(Annotated photo localization data)
Content starts
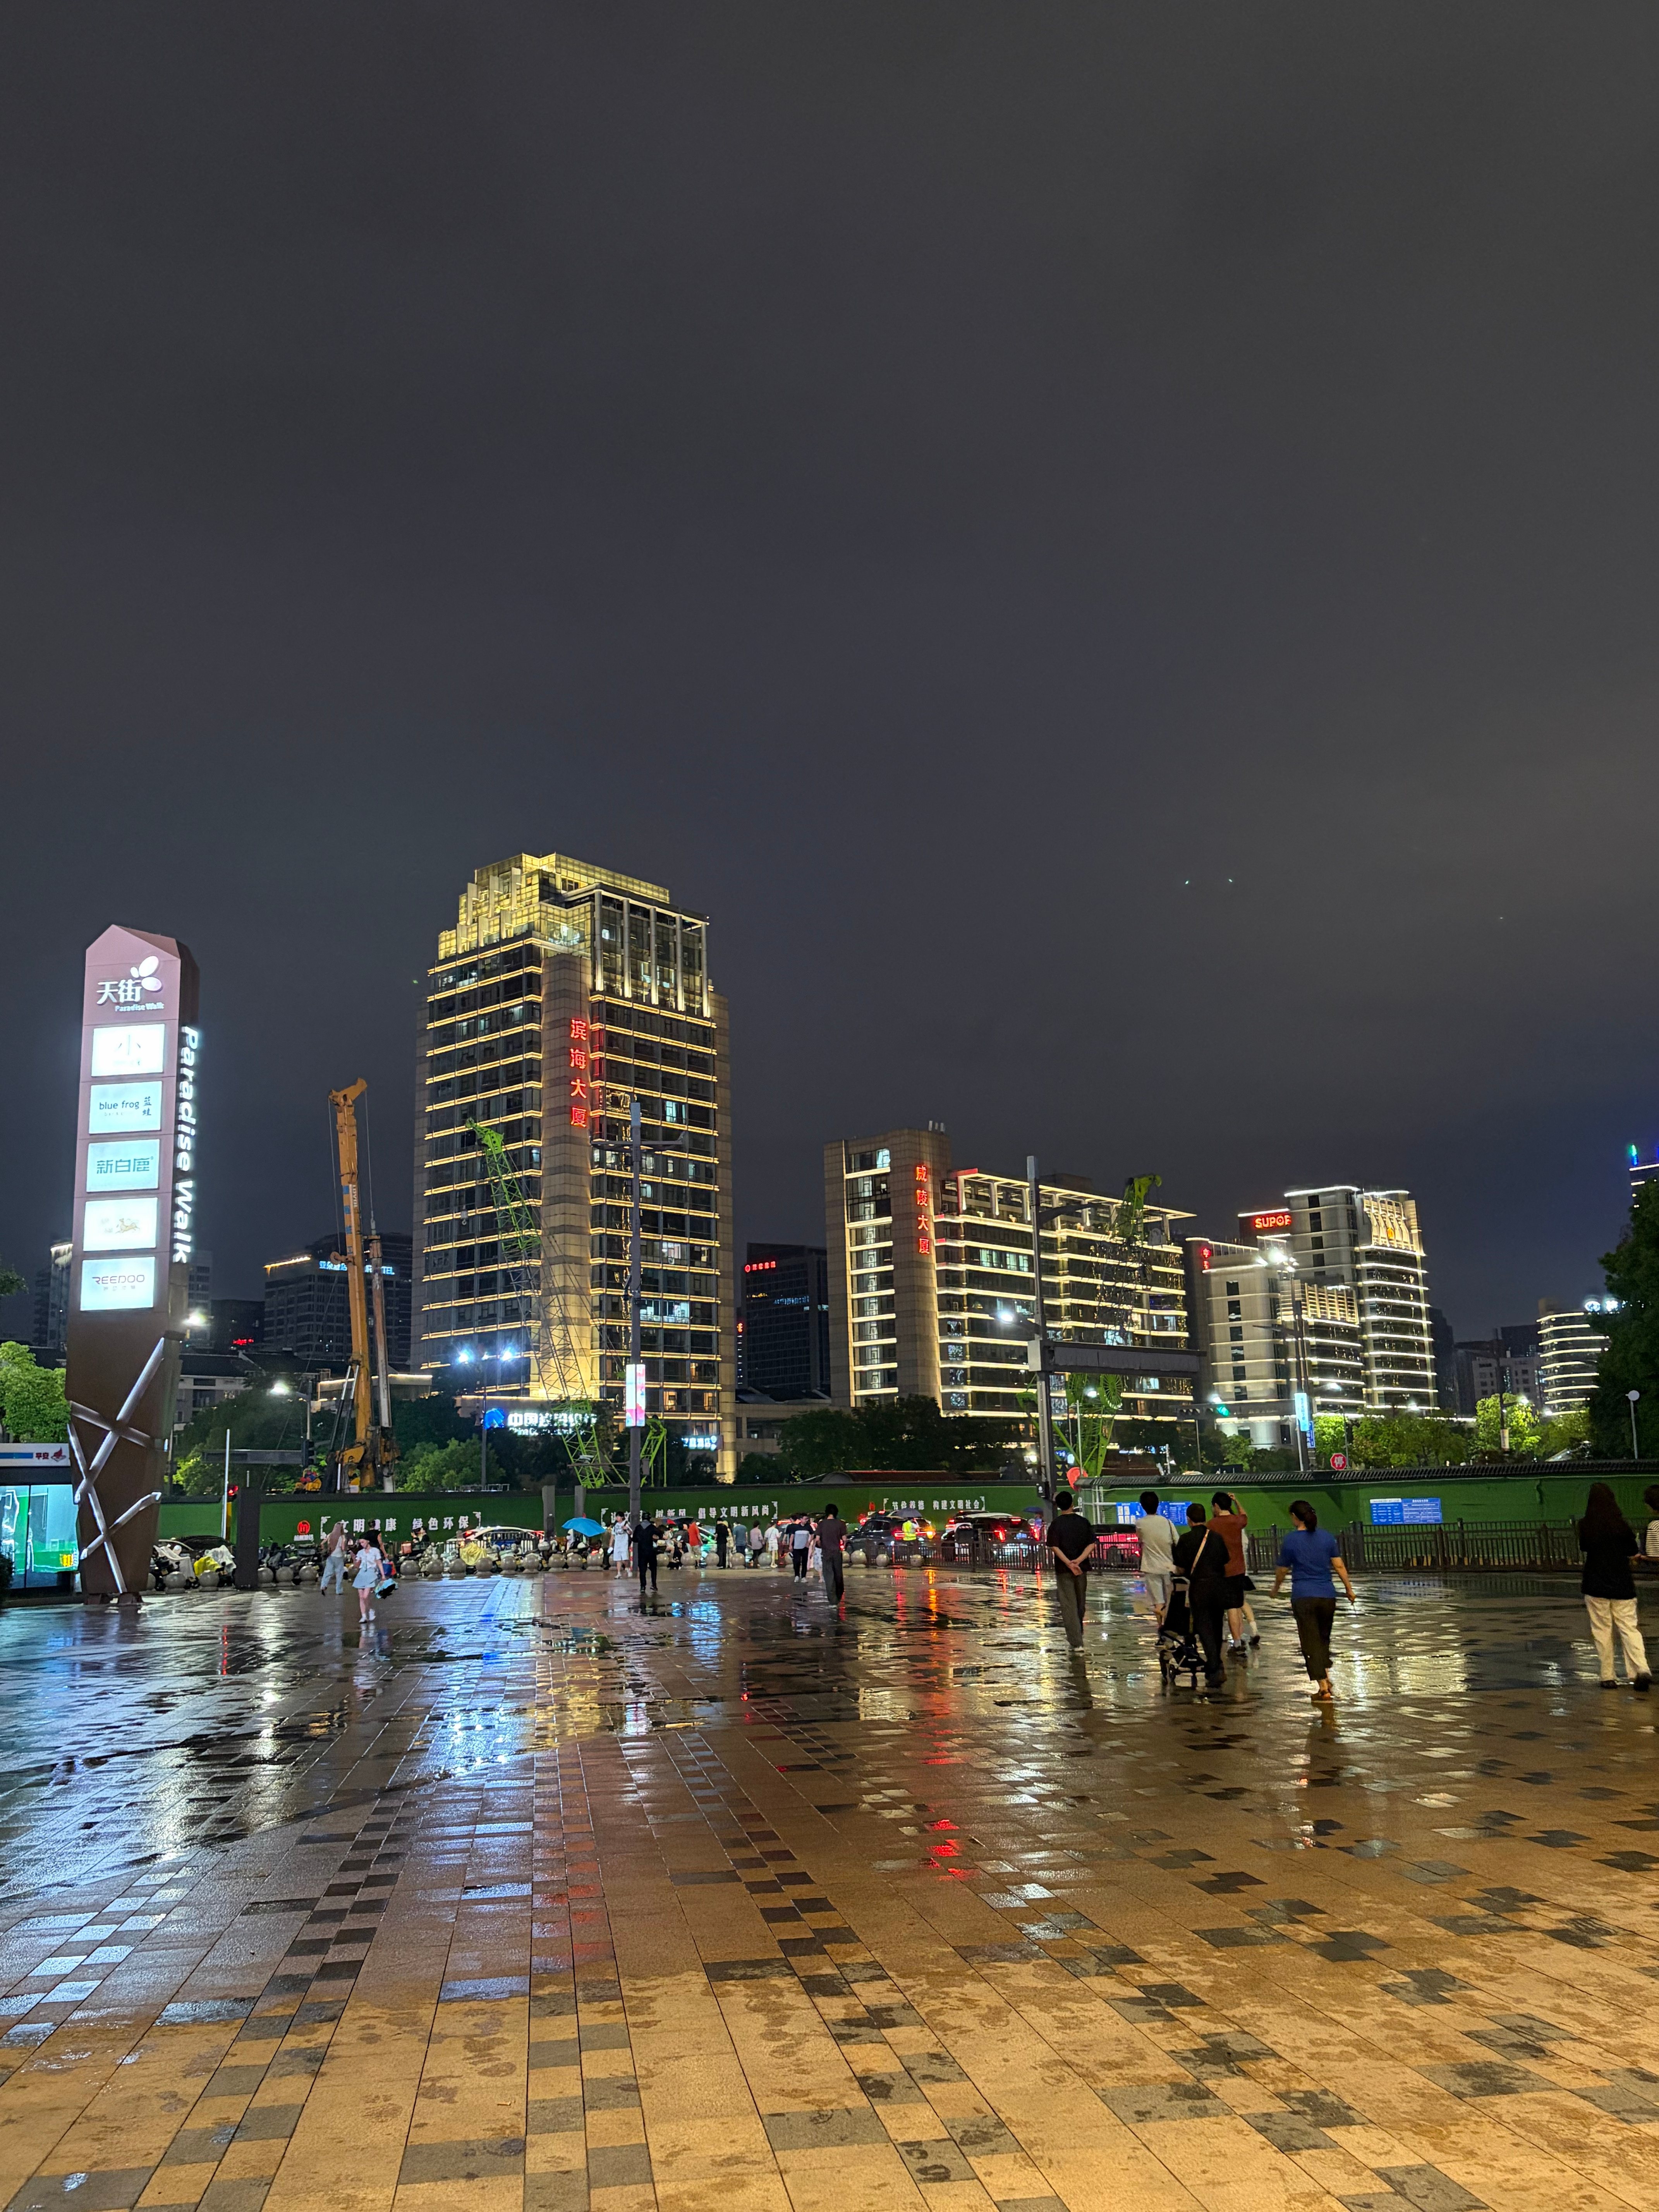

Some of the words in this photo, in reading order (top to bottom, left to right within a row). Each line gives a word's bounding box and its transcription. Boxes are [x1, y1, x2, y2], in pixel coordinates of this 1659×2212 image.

[96, 979, 142, 1004] 天街
[115, 1004, 145, 1012] Paradise
[146, 1002, 165, 1010] Walk
[570, 1019, 587, 1127] 滨海大厦
[99, 1102, 118, 1110] blue
[122, 1101, 139, 1109] frog
[142, 1096, 152, 1116] 蓝蛙
[177, 1026, 198, 1171] Paradise
[96, 1158, 150, 1174] 新白鹿
[173, 1180, 194, 1264] Walk
[698, 1504, 769, 1519] 倡导文明新风尚
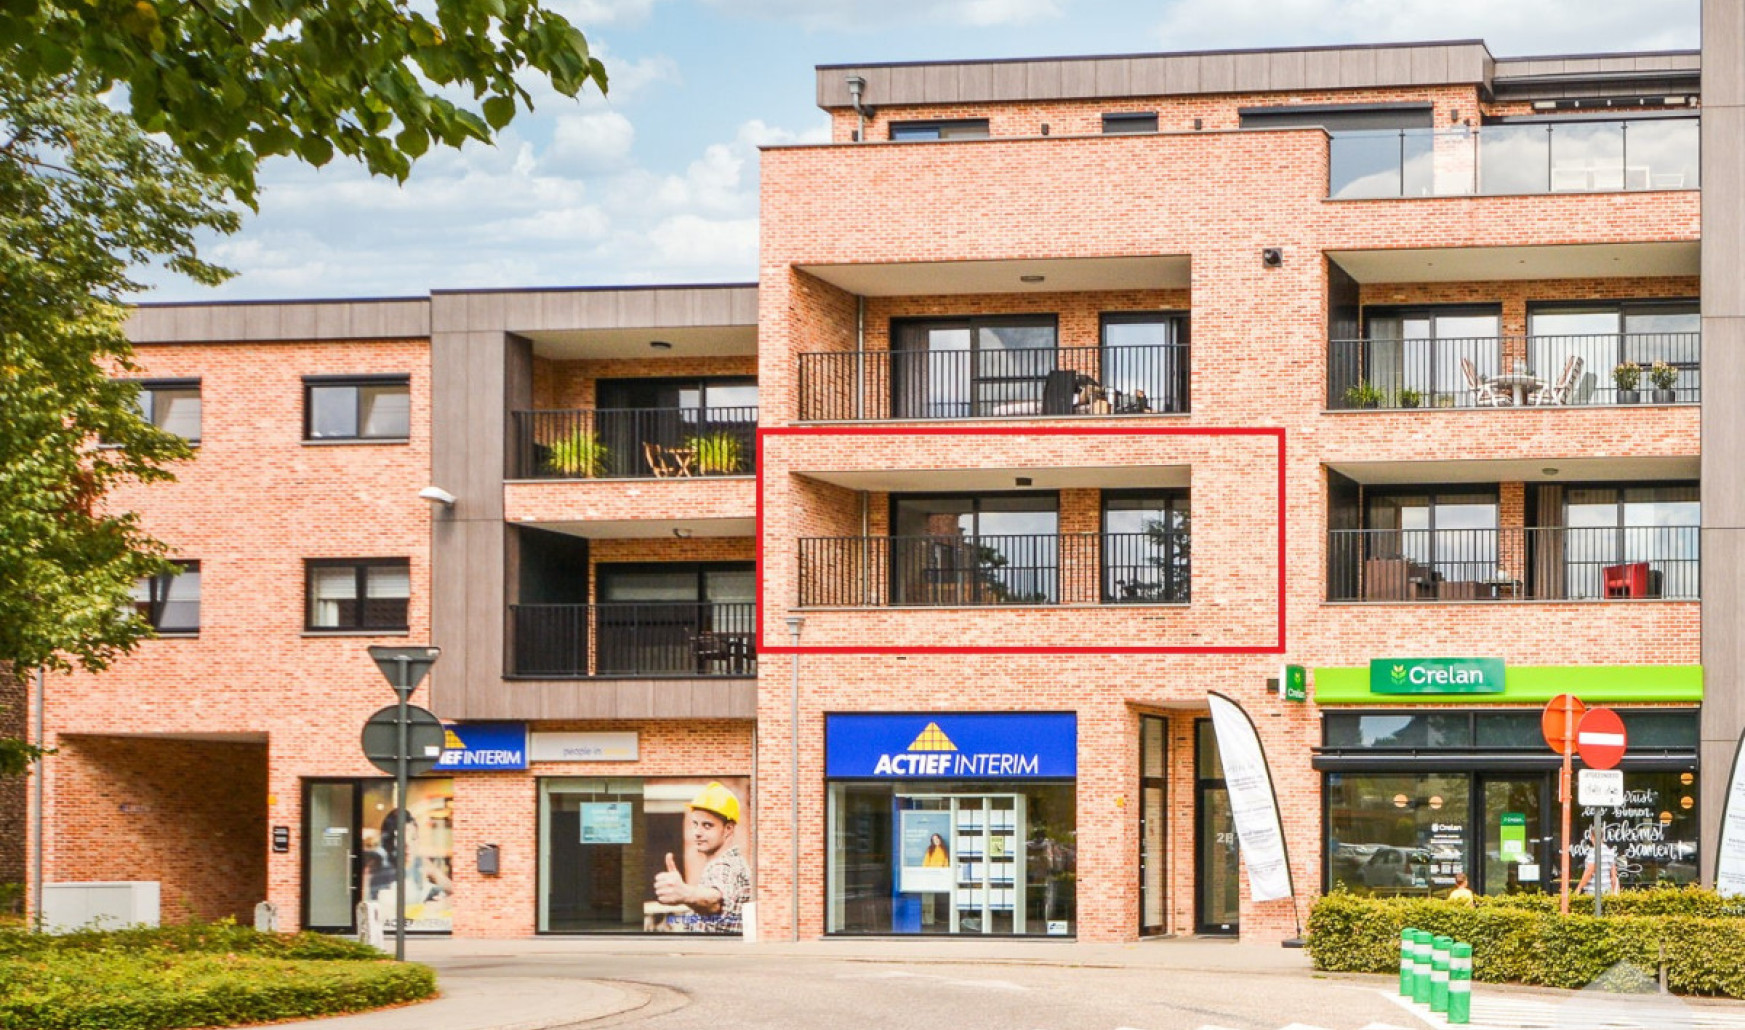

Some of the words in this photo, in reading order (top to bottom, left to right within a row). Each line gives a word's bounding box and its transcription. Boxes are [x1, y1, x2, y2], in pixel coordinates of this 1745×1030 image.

[1408, 665, 1483, 684] Crelan
[438, 750, 463, 765] IEF
[464, 750, 521, 765] INTERIM
[873, 753, 952, 775] ACTIEF
[954, 753, 1039, 775] INTERIM
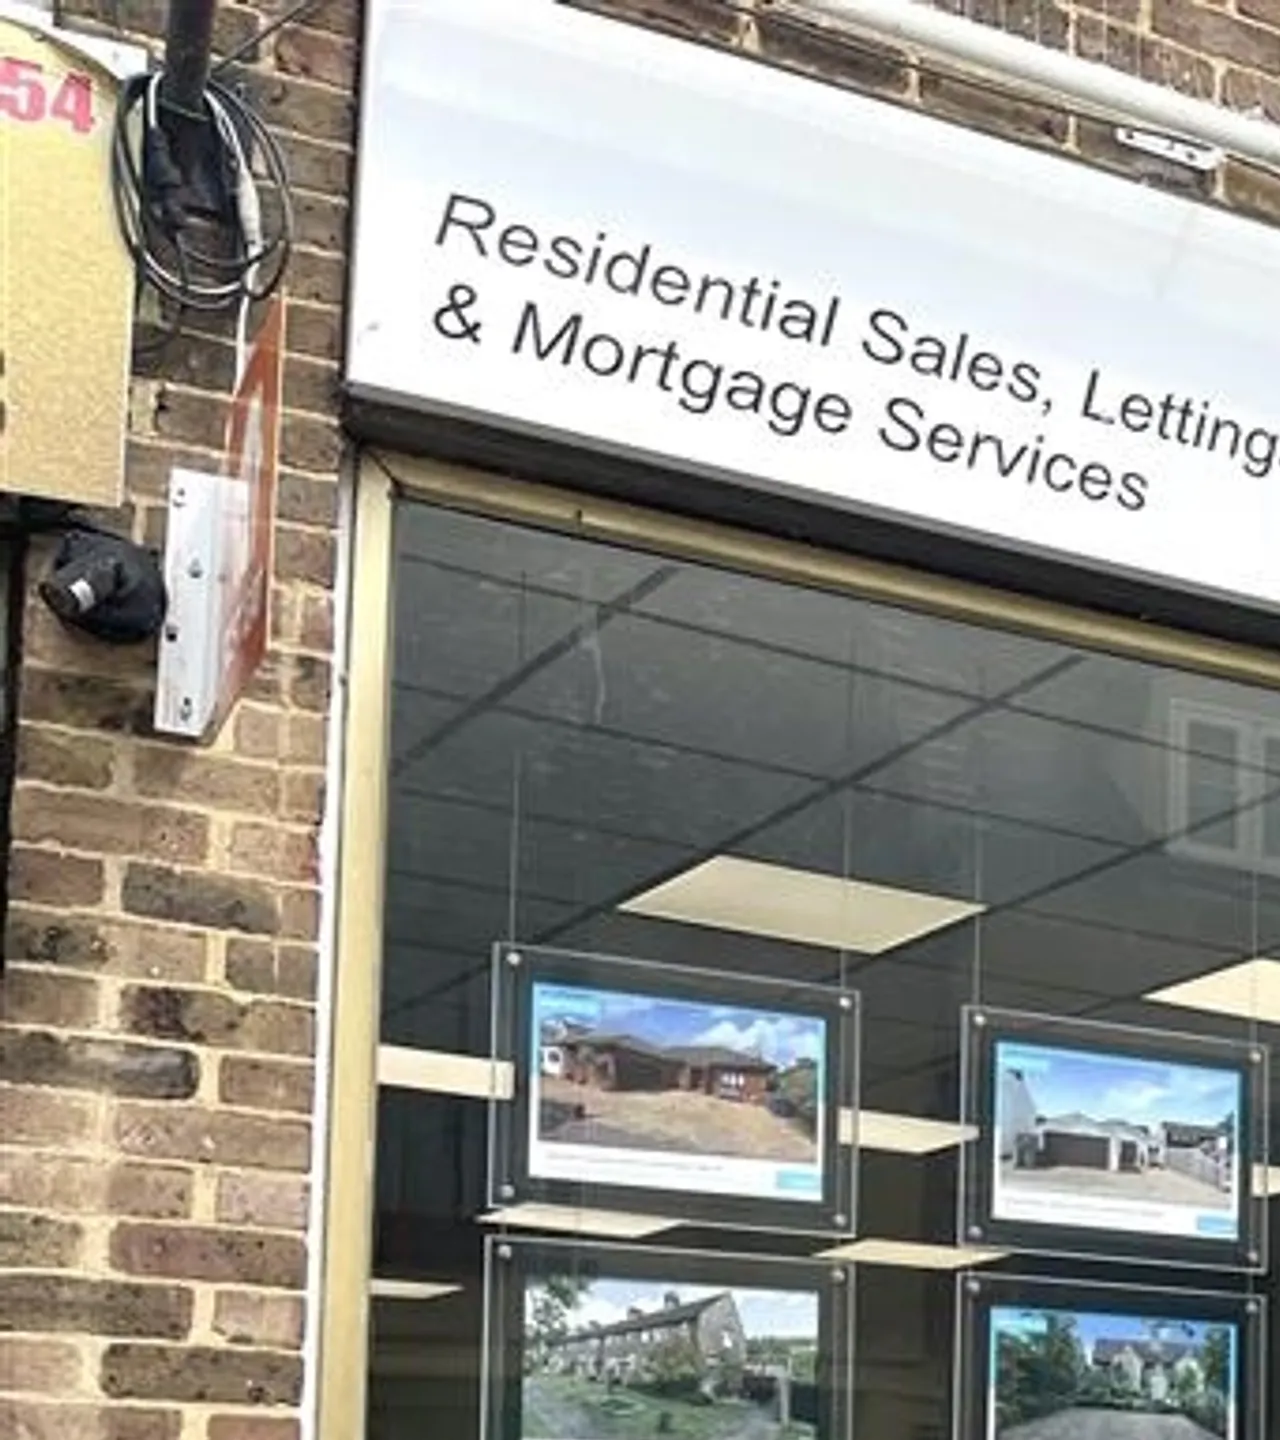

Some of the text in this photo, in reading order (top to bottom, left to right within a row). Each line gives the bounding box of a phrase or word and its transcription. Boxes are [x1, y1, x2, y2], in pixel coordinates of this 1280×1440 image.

[432, 282, 1151, 513] & Mortgage Services
[435, 193, 840, 348] Residential
[862, 309, 1054, 415] Sales,
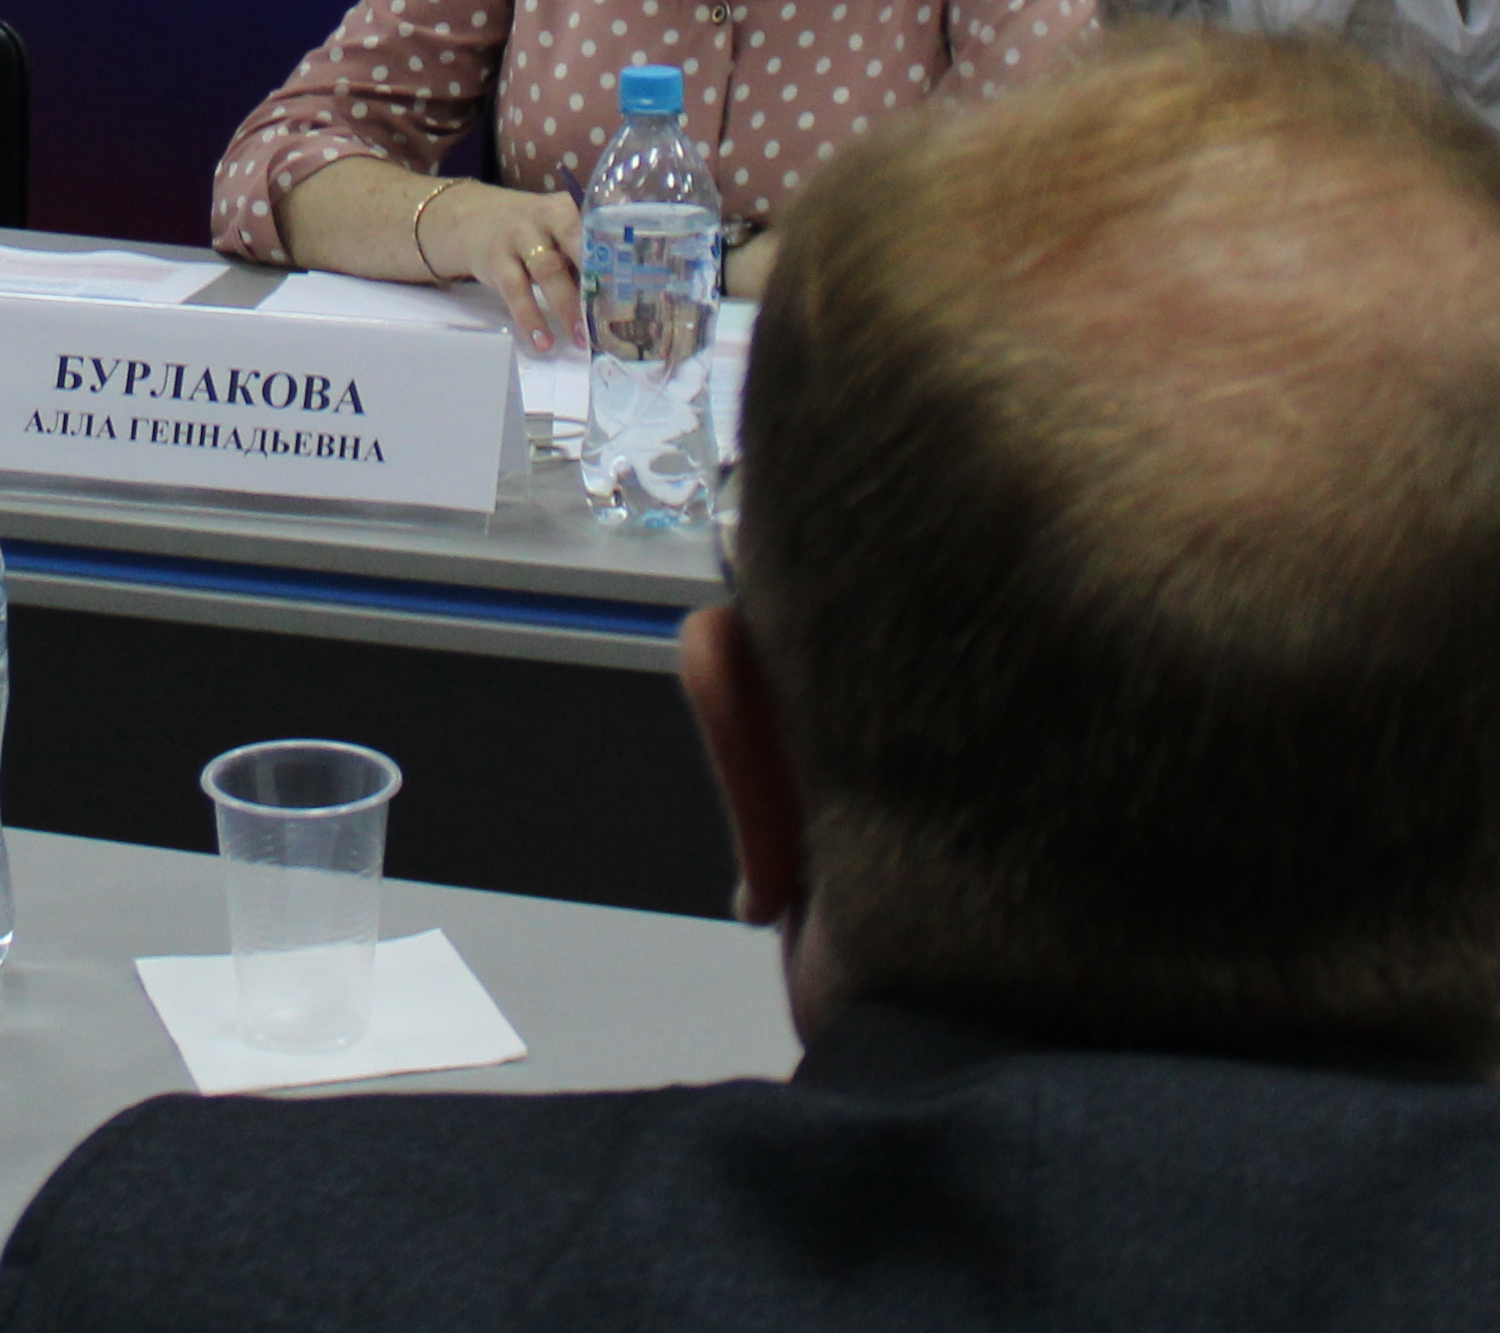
Content ends
* _Task statement_:
Please give the entries again word for word, without any pictures.

* _Written reply_:
Some of the words in this photo, in reading order (top to bottom, left to right within a row). Each line gives a word's bounding box and its transcription. Boxes are [x1, y1, x2, y2], in pixel coordinates of this 1659×2212 image.

[96, 979, 142, 1004] 天街
[115, 1004, 145, 1012] Paradise
[146, 1002, 165, 1010] Walk
[570, 1019, 587, 1127] 滨海大厦
[99, 1102, 118, 1110] blue
[122, 1101, 139, 1109] frog
[142, 1096, 152, 1116] 蓝蛙
[177, 1026, 198, 1171] Paradise
[96, 1158, 150, 1174] 新白鹿
[173, 1180, 194, 1264] Walk
[698, 1504, 769, 1519] 倡导文明新风尚

Some of the words in this photo, in reading order (top to bottom, left to right within a row). Each line gives a word's bounding box and its transcription. Boxes are [x1, y1, x2, y2], in pixel coordinates of this 1745×1030 image.

[1408, 665, 1483, 684] Crelan
[438, 750, 463, 765] IEF
[464, 750, 521, 765] INTERIM
[873, 753, 952, 775] ACTIEF
[954, 753, 1039, 775] INTERIM

Some of the text in this photo, in reading order (top to bottom, left to right within a row). Each line gives the bounding box of a phrase or word and its transcription. Boxes are [x1, y1, x2, y2], in pixel coordinates of this 1280×1440 image.

[432, 282, 1151, 513] & Mortgage Services
[435, 193, 840, 348] Residential
[862, 309, 1054, 415] Sales,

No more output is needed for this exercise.